St John the Evangelist's Church, Darlington is a Grade II listed Church of England church on Neasham Road, Darlington, County Durham.

History

The church was designed by John Middleton and built between 1847 and 1849. The foundation stone was laid on 10 September 1847 by George Hudson Esq M.P. The design included a spire projected to be  high sitting on the  tower, but this was never added.

The church opened for worship on 3 January 1850.

The debt took some time to pay off, but by 1853 the Bishop of Durham agreed to consecrate the church and it took place on 16 July 1853.

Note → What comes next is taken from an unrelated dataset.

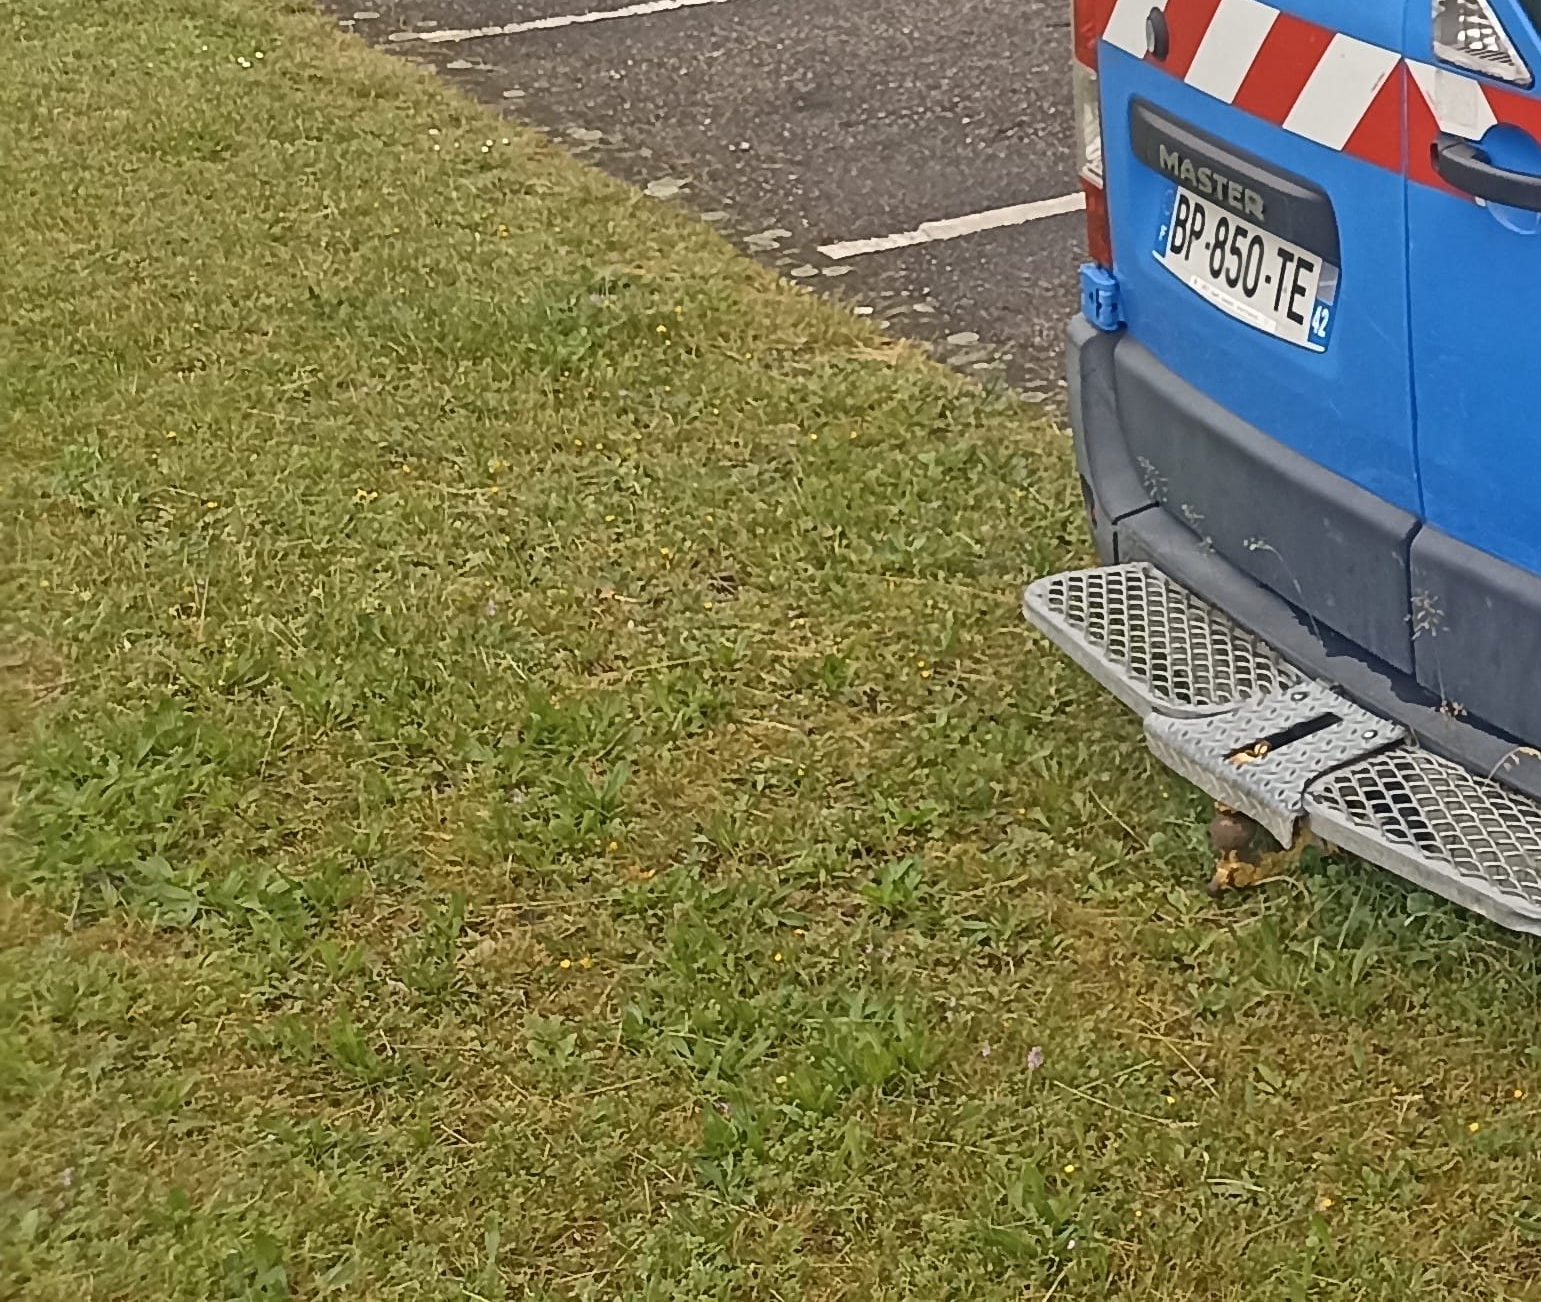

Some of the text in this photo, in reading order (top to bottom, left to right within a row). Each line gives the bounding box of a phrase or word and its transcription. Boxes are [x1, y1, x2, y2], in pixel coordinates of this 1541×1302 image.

The vestries were added in 1900 by W.S. HIcks.

Organ

Initially services were accompanied by a Seraphine. A pipe organ was presented in 1857 by Nathaniel Plews, which was second hand from Bedale church. However, this proved to be unsatisfactory and in 1865 a new organ was installed by Mr. Nicholson of Newcastle upon Tyne which included parts from the old organ. The cost was £150.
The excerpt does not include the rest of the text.